但我知道,我什么都不是。我只是一个在废墟中等待的人,一个不愿接受现实的傻瓜。
我在玫瑰最后消失的地方建了一个简陋的纪念地。那里有一块金属板,上面刻着我记忆中她的样子。每当经过那里,我都会停留一会儿,有时说几句话,有时只是沉默。
“今天又帮助了一个新手,他让我想起了最初的我。你在哪里,玫瑰?”
“系统最近增加了新的怪物类型,战斗越来越难了。但我会坚持下去,直到找到你。”
“我学会了用废墟中的材料酿一种酒,虽然味道很差。你说过想尝尝我世界的酒,可惜我那时没带。”

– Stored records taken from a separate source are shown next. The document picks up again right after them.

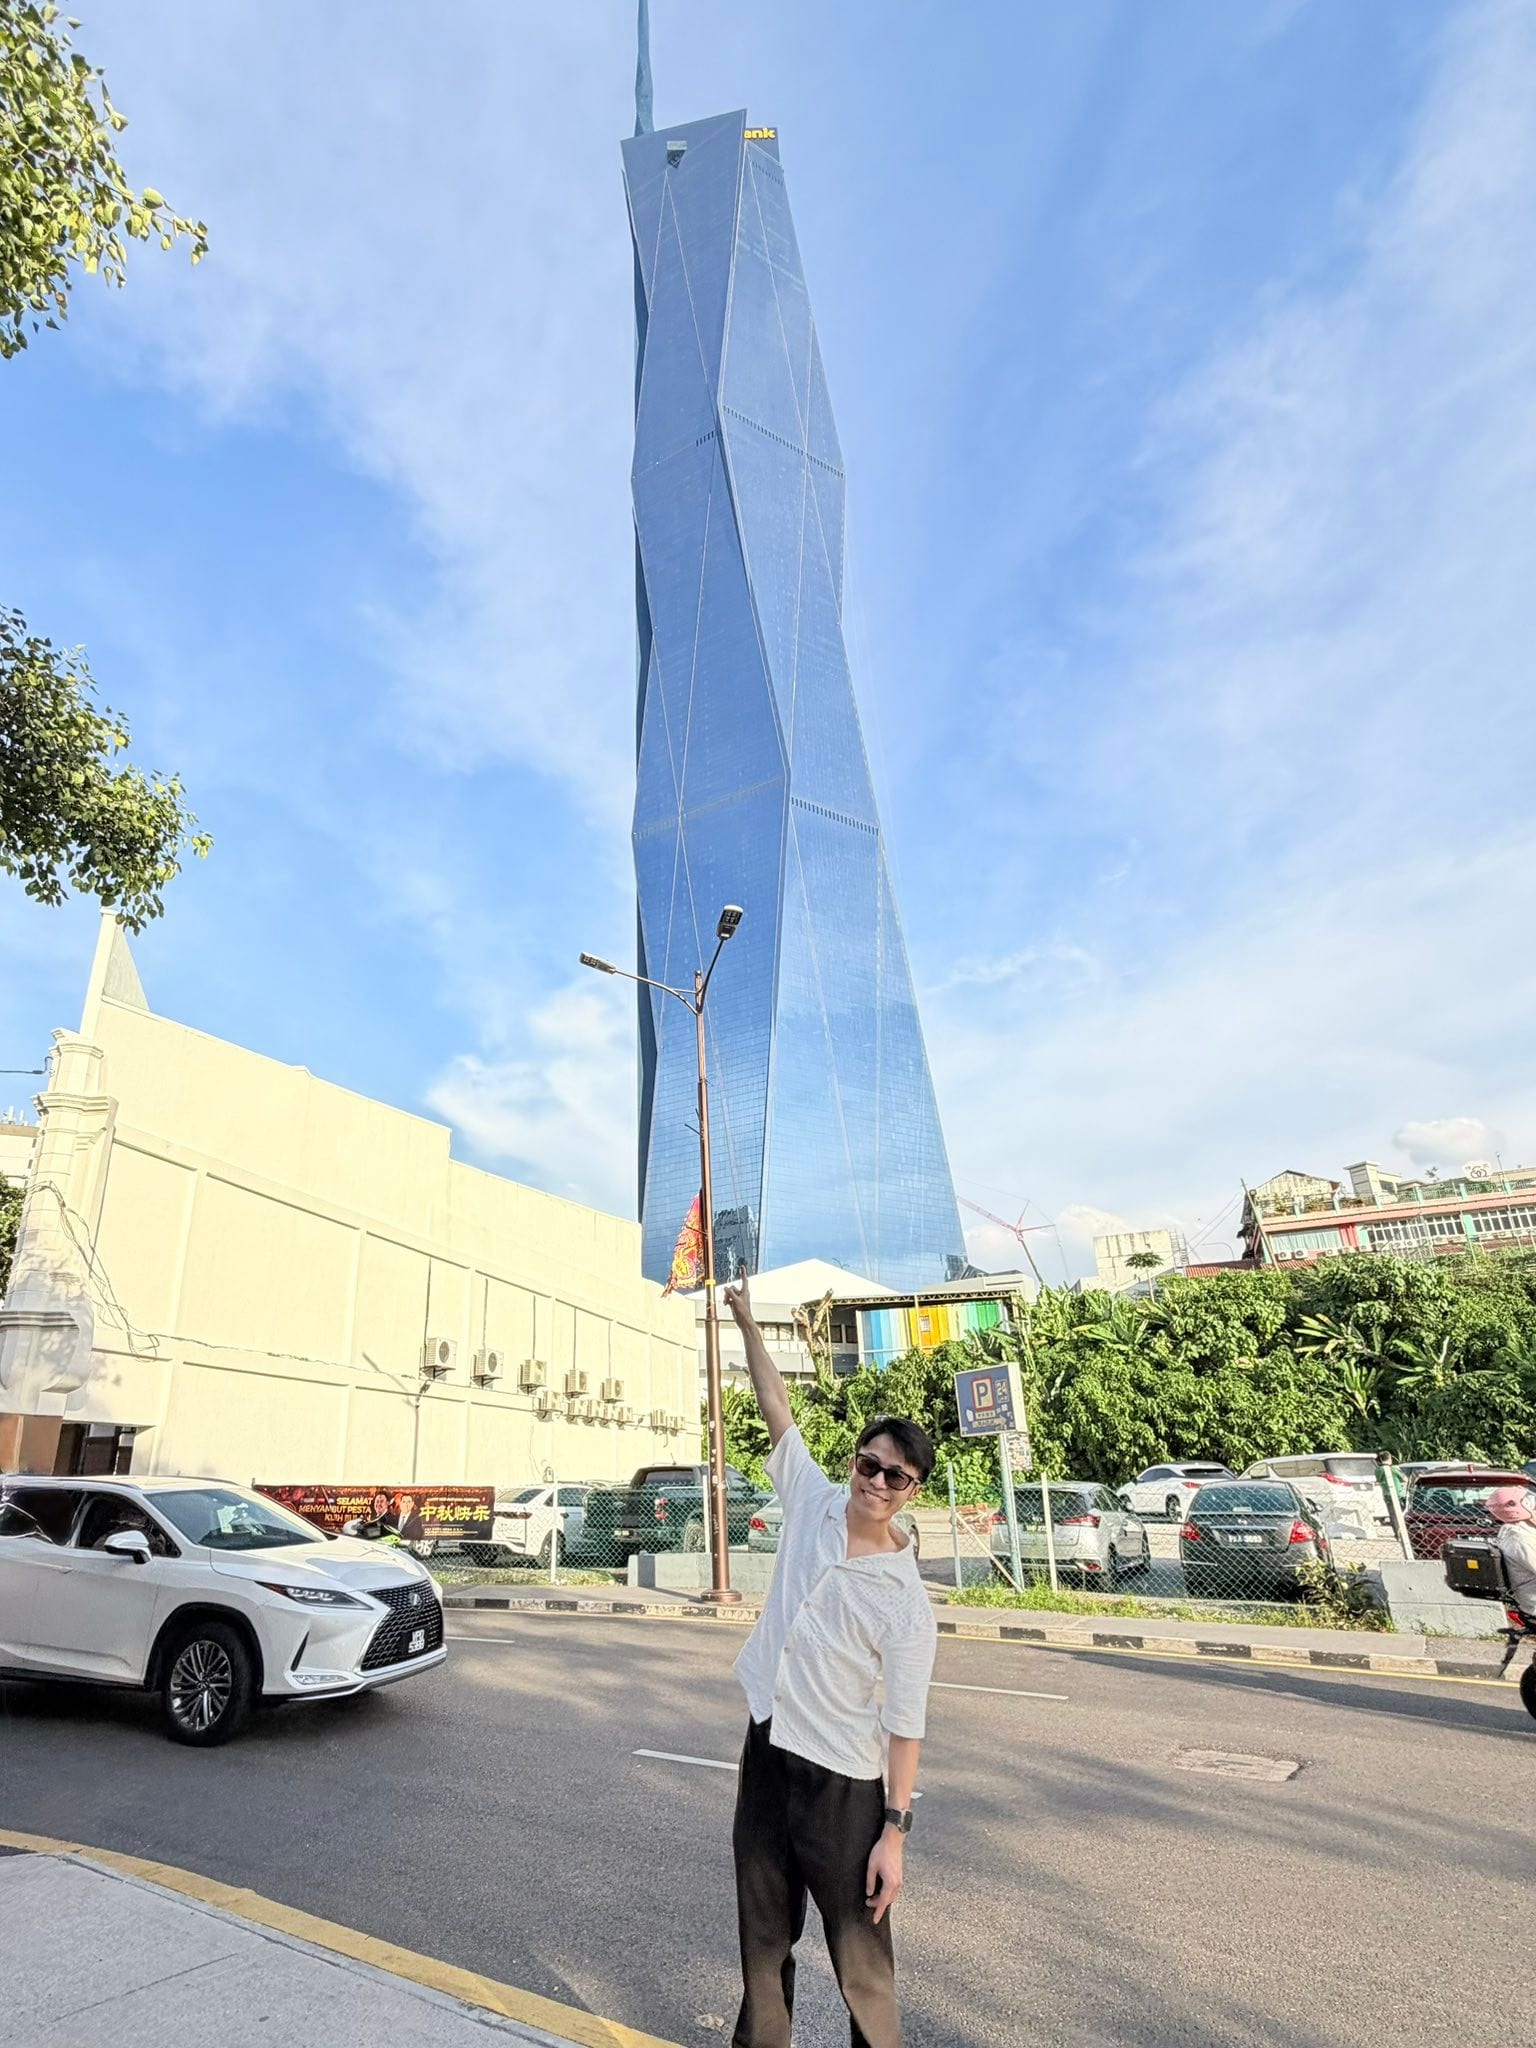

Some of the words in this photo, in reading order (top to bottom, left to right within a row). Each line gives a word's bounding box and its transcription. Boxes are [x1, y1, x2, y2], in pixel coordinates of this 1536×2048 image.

[975, 1382, 988, 1406] P
[336, 1497, 373, 1505] SELAMAT
[347, 1505, 372, 1514] PESTA
[418, 1504, 490, 1521] 中秋快乐
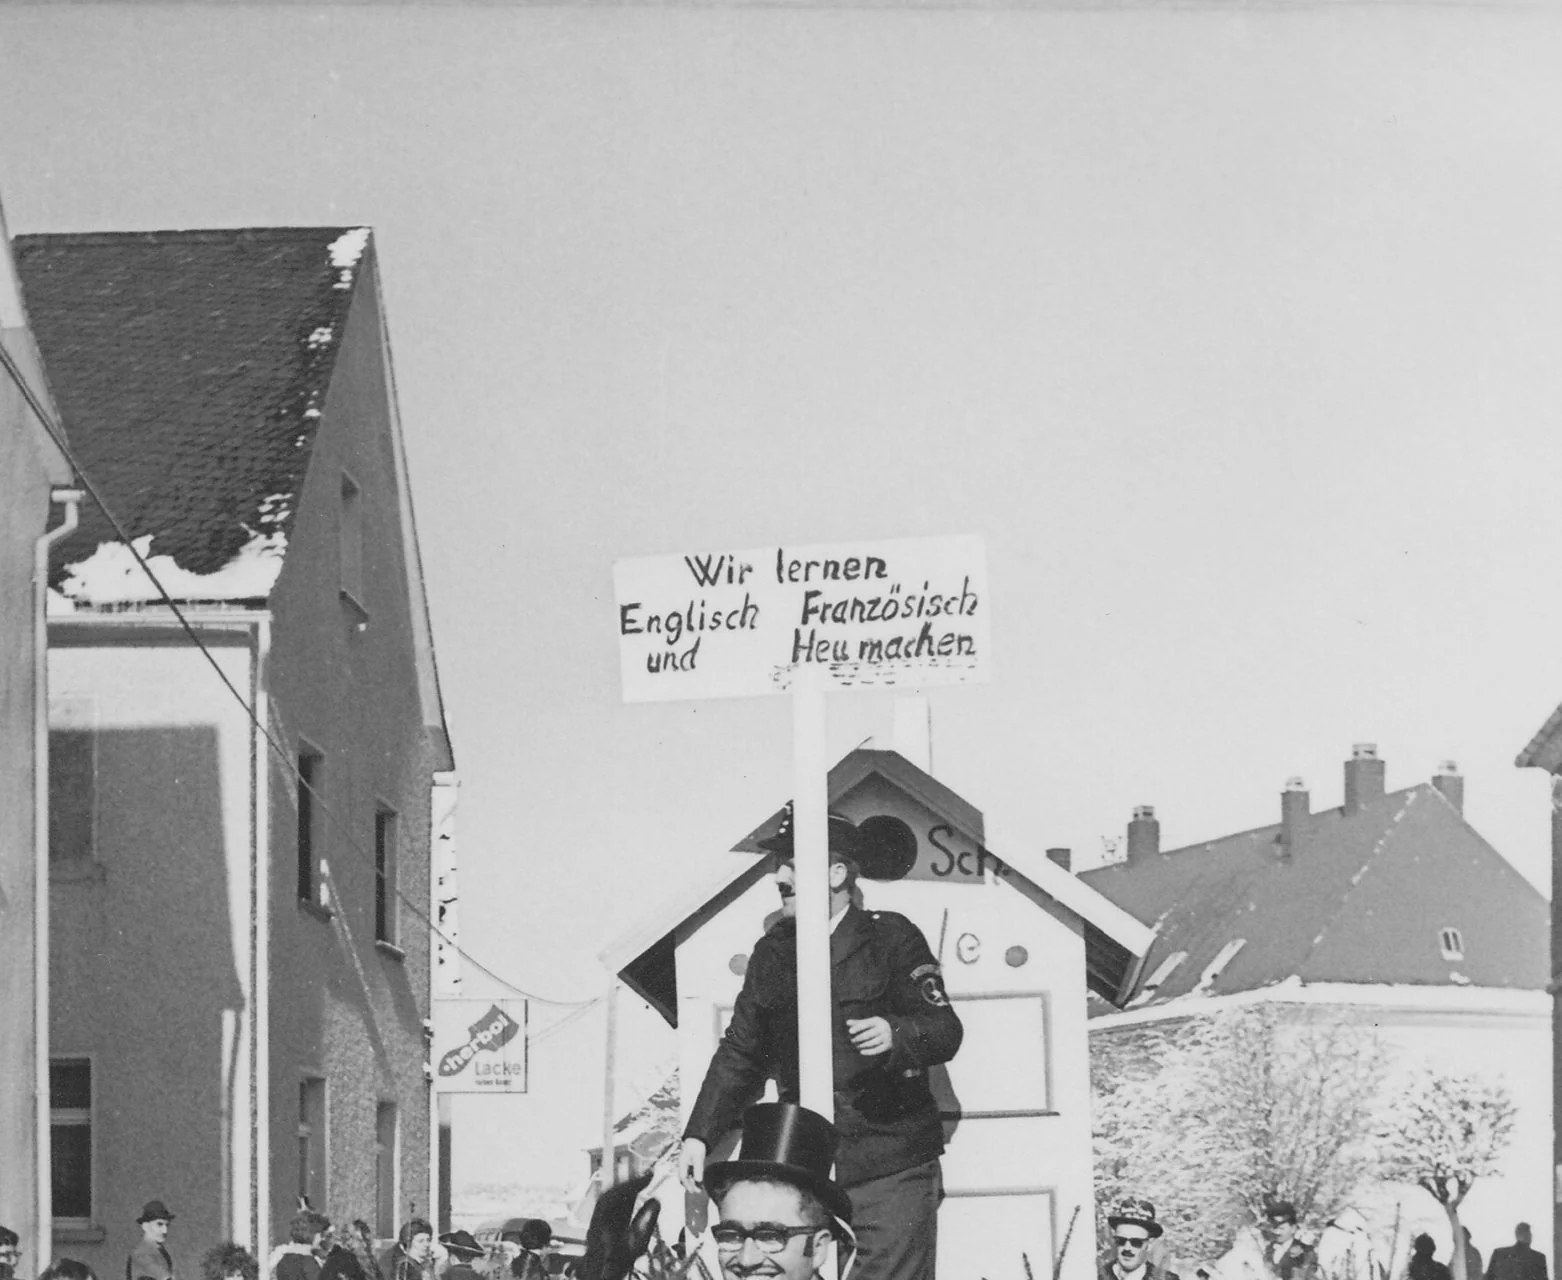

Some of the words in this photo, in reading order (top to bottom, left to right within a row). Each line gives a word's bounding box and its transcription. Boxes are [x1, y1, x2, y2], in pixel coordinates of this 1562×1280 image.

[684, 554, 753, 587] Wir
[776, 547, 888, 584] lernen
[619, 592, 760, 646] Englisch
[800, 575, 979, 626] Französisch
[646, 635, 702, 674] und
[474, 1061, 522, 1076] Lacke

等待变成了习惯,习惯变成了生活。我在战斗中受伤,愈合,再次受伤。我看着同伴来来去去,有些人离开了,有些人死去了,有些人像我一样选择留下。杰克在一次防御战中牺牲,小李的名字逐渐被人们遗忘,新的幸存者带来了新的希望和新的失望。
但玫瑰始终没有出现。
有时我会想,也许她真的在那场爆炸中死去了,彻底消失了。但每当这个念头出现,我就会想起她最后的目光,那种坚定而温柔的眼神。玫瑰不是会轻易放弃的人,她一定会找到回来的路。
所以我会等。无论等多久,无论希望多么渺茫。
因为在这片废墟中,等待是我唯一能为她做的事,是我唯一能为我们之间发生的一切赋予意义的方式。我不是英雄,不是守护者,只是一个在废墟中等待爱人的男人,一个相信奇迹的傻瓜。
而等待本身,已经成为了我存在的全部意义。
…………
多年以后,穿越火线巨人城废墟依然矗立。新的玩家来来去去,他们在废墟中战斗,获取装备,然后离开。但总有人会在游戏的某个角落,遇到一个蓬头垢面、眼神沧桑的男人。他穿着破烂的战斗服,背着一把老旧的MG3,在废墟中游荡,像是在寻找什么,又像是在等待谁。
有时他会帮助陷入危险的新手,有时他会坐在高处,看着远方哼唱一首老歌。那旋律忧伤而熟悉,但年轻的玩家们已经不知道它的名字。
“那是什么歌?”一个年轻女孩问她的队友,他们的角色刚刚被那个神秘男人从一群幽灵中救出。
她的队友也不知道是什么歌。他们只知道男人从不说话,只是望向废墟深处,眼中闪过无人能懂的情绪。然后转身离开,消失在断壁残垣之间,像一道从未出现过的幻影。
只有风声穿过废墟,仿佛在低语着一个被遗忘的故事,关于等待,关于爱情,关于一个在火光中消逝的坏女孩。